El festival Cinelatino de Toulouse premió un poético documental sobre el canto cardenche mexicano, en una ceremonia en la que también triunfó una cinta argentina en torno a la violación y se recordó a los estudiantes de cine desaparecidos en México.
El joven cineasta Daniel Hernández exigió a las autoridades mexicanas la aparición “inmediata” de sus tres compañeros de Guadalajara, quienes al parecer fueron interceptados el lunes por hombres armados mientras regresaban de filmar en Tonalá (Jalisco, oeste). “Hoy la amenaza de que nos desaparezcan o nos asesinen por ser jóvenes, estudiantes y cineastas es más latente que nunca”, denunció el codirector del cortometraje Las raíces del roble.
“Vivos se los llevaron y vivos los queremos”, añadió Hernández, sumándose al clamor que manifestaron esta semana centenares de personas en Guadalajara y del que también se hizo eco en Twitter el oscarizado cineasta mexicano Guillermo del Toro.
El premio al mejor documental recayó en la cinta mexicana A morir a los desiertos, de la española Marta Ferrer, que durante cinco años se sumergió en el último grupo cardenchero del país, en Sapioriz (norte).
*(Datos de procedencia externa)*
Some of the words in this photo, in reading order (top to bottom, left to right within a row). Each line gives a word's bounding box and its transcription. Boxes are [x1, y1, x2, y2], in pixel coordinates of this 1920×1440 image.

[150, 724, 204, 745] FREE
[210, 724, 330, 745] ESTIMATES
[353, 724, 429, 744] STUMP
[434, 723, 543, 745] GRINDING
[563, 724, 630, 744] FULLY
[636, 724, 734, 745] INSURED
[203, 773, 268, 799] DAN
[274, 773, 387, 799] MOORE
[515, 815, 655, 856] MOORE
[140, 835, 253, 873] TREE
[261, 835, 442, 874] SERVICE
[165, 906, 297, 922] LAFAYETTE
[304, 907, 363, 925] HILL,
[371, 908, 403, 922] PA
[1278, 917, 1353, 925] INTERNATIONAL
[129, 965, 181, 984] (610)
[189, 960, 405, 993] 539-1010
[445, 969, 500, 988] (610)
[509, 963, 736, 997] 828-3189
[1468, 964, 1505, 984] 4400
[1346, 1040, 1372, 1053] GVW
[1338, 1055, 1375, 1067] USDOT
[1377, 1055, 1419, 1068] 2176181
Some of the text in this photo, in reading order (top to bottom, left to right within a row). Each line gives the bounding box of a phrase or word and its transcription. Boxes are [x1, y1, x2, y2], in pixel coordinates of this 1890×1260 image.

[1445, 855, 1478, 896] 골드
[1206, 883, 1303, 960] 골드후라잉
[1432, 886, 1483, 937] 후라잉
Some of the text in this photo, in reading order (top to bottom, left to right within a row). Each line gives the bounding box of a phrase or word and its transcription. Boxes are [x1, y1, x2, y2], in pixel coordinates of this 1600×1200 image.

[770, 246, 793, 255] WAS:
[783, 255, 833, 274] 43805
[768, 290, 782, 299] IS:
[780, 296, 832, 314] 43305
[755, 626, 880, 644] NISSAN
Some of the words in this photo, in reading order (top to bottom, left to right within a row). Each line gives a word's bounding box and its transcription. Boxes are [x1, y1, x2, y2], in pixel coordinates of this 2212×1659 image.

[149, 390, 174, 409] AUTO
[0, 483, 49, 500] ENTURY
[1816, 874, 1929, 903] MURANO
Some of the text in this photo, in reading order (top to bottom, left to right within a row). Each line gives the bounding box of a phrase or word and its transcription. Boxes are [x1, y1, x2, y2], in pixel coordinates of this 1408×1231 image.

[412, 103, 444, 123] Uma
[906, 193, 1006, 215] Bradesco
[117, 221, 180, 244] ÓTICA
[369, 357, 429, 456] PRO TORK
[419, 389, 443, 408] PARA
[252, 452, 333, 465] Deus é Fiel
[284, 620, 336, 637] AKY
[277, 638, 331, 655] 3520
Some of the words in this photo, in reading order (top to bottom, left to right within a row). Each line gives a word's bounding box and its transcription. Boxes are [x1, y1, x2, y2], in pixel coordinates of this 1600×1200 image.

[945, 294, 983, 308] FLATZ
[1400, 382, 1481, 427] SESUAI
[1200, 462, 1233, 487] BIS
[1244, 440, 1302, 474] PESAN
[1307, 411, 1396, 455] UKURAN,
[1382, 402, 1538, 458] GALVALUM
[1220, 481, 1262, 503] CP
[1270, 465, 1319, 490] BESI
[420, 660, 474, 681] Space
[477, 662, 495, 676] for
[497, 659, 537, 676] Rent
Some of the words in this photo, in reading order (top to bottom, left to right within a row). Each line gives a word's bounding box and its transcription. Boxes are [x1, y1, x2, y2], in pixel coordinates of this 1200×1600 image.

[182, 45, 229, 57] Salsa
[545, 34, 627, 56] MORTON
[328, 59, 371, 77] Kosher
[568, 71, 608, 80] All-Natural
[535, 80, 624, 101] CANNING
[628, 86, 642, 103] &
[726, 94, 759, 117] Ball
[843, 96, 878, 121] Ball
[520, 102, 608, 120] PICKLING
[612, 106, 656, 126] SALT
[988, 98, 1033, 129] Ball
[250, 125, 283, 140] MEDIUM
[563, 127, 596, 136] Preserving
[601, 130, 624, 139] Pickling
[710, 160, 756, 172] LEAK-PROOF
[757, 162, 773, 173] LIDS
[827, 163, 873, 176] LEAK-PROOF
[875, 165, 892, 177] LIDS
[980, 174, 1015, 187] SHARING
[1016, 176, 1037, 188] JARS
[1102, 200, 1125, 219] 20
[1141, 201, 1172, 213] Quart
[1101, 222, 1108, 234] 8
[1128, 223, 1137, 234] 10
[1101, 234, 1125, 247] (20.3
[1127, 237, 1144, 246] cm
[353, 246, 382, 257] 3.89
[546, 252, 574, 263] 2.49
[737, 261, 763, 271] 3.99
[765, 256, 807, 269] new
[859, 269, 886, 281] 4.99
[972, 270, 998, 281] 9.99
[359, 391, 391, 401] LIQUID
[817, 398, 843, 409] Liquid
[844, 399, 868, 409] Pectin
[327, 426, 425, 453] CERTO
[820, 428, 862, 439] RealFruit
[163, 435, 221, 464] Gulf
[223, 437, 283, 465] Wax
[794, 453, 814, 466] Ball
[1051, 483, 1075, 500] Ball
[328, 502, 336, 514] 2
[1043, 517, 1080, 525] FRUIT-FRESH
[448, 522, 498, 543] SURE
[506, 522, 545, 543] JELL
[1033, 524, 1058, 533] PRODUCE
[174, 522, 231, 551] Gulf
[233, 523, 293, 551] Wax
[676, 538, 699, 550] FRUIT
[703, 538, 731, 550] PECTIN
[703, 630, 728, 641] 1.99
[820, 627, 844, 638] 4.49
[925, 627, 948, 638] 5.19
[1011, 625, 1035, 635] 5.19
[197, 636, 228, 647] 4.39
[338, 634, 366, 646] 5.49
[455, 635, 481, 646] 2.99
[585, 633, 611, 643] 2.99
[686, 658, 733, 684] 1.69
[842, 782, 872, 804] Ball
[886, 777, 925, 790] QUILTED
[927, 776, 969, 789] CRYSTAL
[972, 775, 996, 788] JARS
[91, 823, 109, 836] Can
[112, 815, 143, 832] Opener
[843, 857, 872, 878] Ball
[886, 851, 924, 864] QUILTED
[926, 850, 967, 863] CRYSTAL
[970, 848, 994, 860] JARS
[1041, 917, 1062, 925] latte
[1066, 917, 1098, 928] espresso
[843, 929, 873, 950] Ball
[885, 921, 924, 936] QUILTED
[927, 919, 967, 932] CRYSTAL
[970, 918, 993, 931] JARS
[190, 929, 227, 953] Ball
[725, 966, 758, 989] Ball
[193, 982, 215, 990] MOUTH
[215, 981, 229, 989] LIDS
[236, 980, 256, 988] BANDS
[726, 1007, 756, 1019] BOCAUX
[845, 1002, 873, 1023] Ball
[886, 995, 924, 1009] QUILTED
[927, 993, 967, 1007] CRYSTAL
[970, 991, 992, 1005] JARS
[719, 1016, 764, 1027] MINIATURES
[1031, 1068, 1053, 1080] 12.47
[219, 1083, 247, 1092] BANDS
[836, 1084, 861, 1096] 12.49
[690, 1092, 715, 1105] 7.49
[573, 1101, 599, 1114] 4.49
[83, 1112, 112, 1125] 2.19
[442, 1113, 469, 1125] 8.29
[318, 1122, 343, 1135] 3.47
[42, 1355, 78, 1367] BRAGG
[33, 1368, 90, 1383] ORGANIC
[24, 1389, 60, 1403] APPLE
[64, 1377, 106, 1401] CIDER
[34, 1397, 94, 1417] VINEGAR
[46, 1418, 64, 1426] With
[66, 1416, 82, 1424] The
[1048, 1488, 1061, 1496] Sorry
Ferrer, de 35 años y afincada en México desde 2006 tras obtener una beca para estudiar cine, descubrió el cardenche, un canto popular, en Youtube. “Fue algo visceral: me conmovió”, explicó a la AFP. Se trata del segundo documental de esta española después de El Varal, rodado en Guanajuato, en el interior de México, para reflejar los efectos del neoliberalismo.
Primas, de la argentina Laura Bari, se alzó con la recompensa que otorga la Asociación Católica Mundial para la Comunicación (Signis), así como con el galardón concedido por los estudiantes.